1816-1817 гг. Дневник Ивана Васильевича Малиновского

Кто счастье знал,

Тот жил сто лет.

 

Статья первая

 

Вздумалось мне писать журнал — и это еще в первый раз в моей жизни, т. е. в 20-ть лет. Теперь имею побуждения к тому, но для этого надо иметь слог, разумеется, хороший, надо иметь искусство описательной поэзии, словом, надо уметь всякую безделицу сделать занимательною — et je ne possede rien de tout cela![1] Скажут: «Зачем же принимается, если сам знает, что не умеет?» — Для того, что все это может заменить сердце, а я, хотя козак,[2] но умею чувствовать, и знаю, что любезным мне приятно будет иногда заглянуть в сию тетрадь моих чувствований. — Кто знает, может быть, мечтания, мною здесь изложенные, когда-нибудь и сбудутся, а какое удовольствие будет мне ими наслаждаться, вспомнив, как прежде я себе представлял их.

Не надо забыть, что журнал будет очень сух, если его не будет одушевлять кто-нибудь из прекрасного пола, — а мне не надо этого искать!— И плохо бы было, если бы так поступил. Это бы значило притворство, писать на заказ — чего не умею, ибо и истина едва ли поддастся мне.
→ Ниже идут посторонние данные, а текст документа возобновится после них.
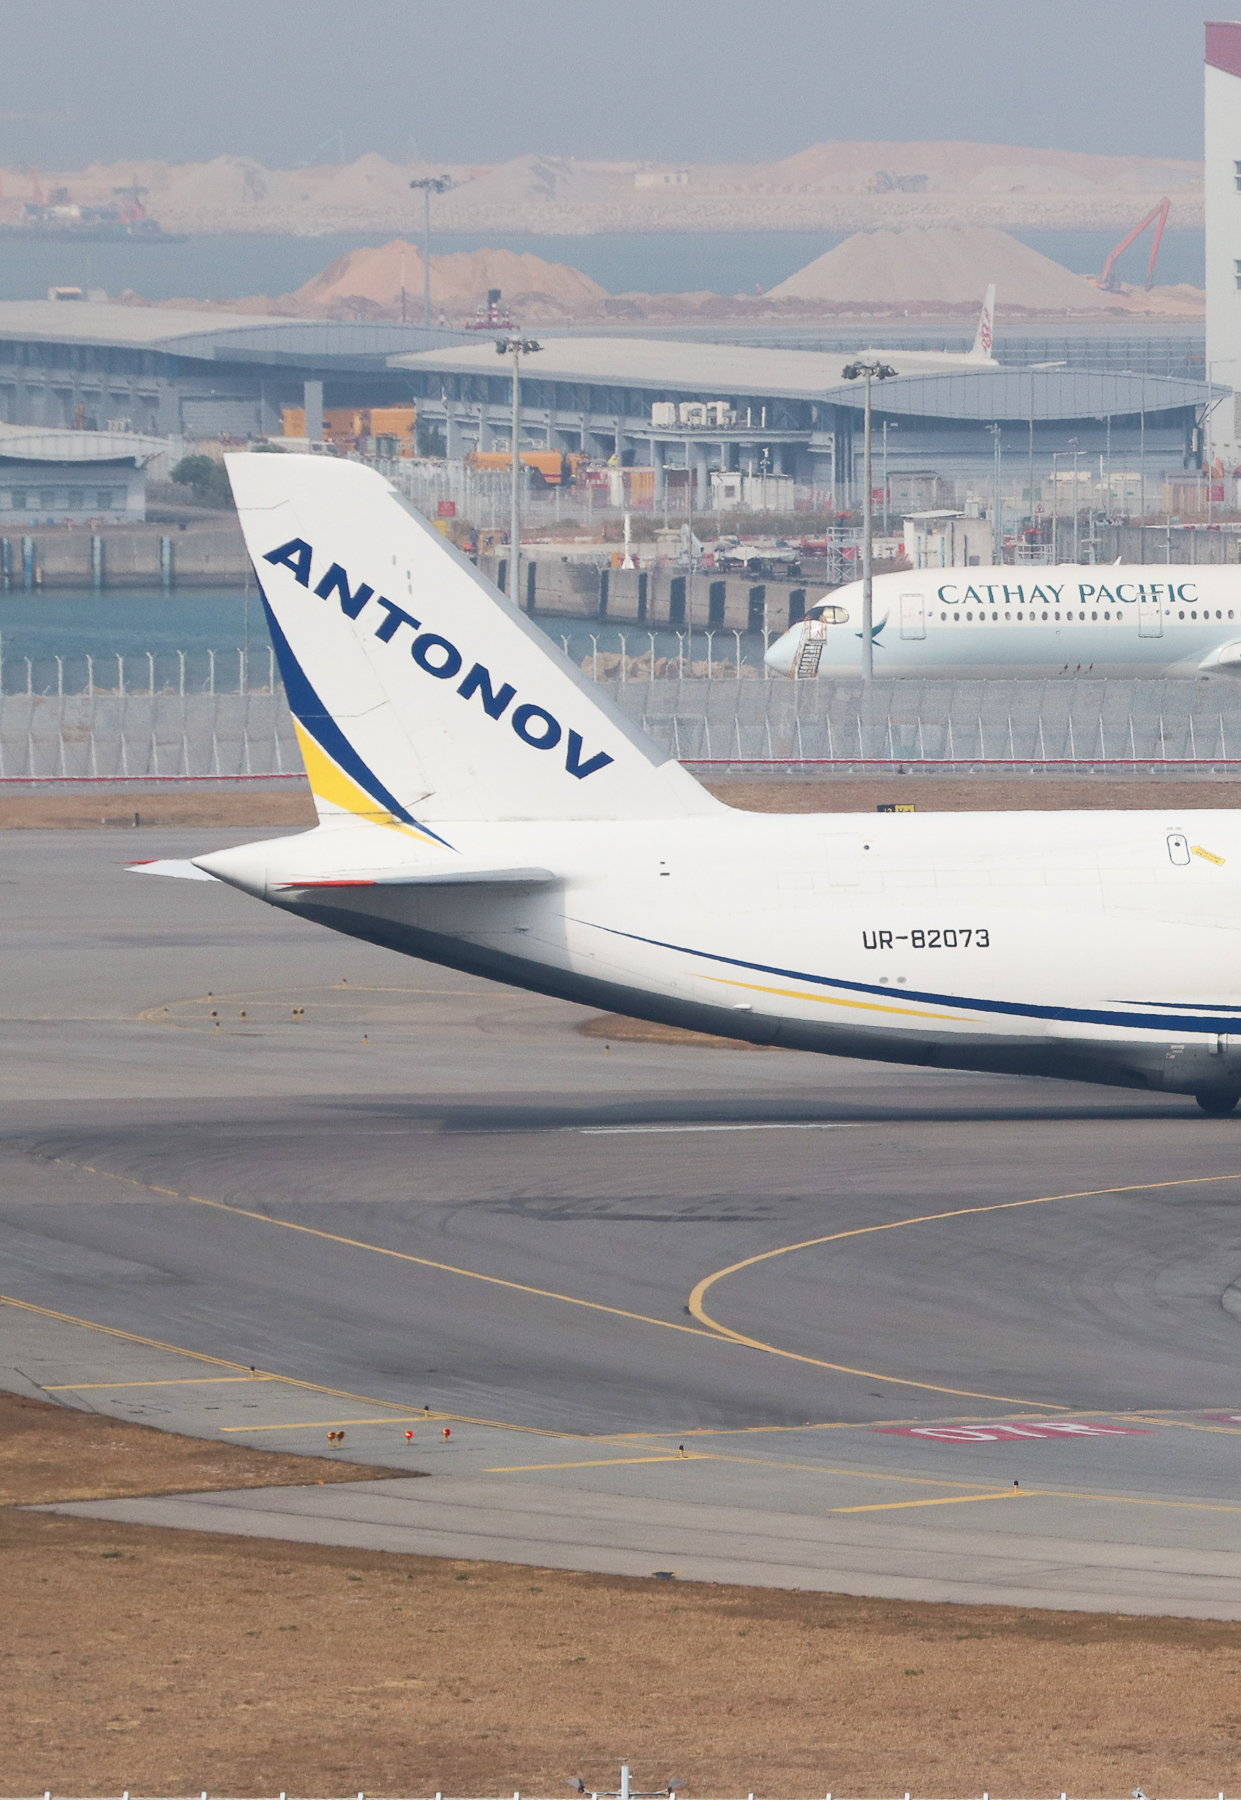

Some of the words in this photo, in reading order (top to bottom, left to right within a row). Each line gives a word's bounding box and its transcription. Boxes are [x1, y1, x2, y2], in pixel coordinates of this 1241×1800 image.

[937, 584, 1066, 605] CATHAY
[1078, 583, 1199, 604] PACIFIC
[261, 537, 615, 780] ANTONOV
[861, 928, 990, 950] UR-82073
[911, 1422, 1126, 1441] 07R
Но я слышал, что длинные предисловия не хвалят — а от поэта вот что достанется за предисловие:

 

Предисловие законом,

Други, нам запрещено,

Но писать нам Аполлоном

Обо всем запрещено.

Предисловие прославить

Захотелося вчера,

И я думал… но оставить

Предисловие пора.

 

Предисловие любимо

В мире сем давным-давно!

Верьте мне, необходимо

В общежитии оно:

Наш охриплый музыкант,[3]

Посмотрите, им лишь дышит.

Сказок без него не пишет

Исторический педант.

 

Предисловие основа —

Книгу толстую пиши…

Не поймете в ней ни слова

Без него как без души. . .

Без него нельзя совету[4]

В ссылку грешных отослать,

Без него нельзя поэту

Эпиграмму прочитать.

Трепет, взоры упоенны,

Слезы, тайный жар в крови…

Вот, друзья мои бесценны,

Предисловие любви. . .

К верху нас превознесенный

Взгляд спесивый, много слов

Вот, друзья мои бесценны,

Предисловие глупцов.

 

Предисловие прекрасно

Но, почтенные друзья,

Послесловие опасно —

И его страшуся я.

Злых зоилов двое, трое,

Пробежав куплетов ряд,

Послесловие такое,

Может статься, сочинят:

 

«Это скучно, это глупо,

Это сказано не так,

Это холодно и тупо —

Этот песельник дурак. . .»

Ничего не позабудут —

и свое

И две полных               будут

Предисловие мое. —

Вот каково, а я пускаюсь вверять свои чувства бумаге – но с осторожностию победим.

 

№ 3. 4 <?> июля. Последний вечер двадцатого года.[5]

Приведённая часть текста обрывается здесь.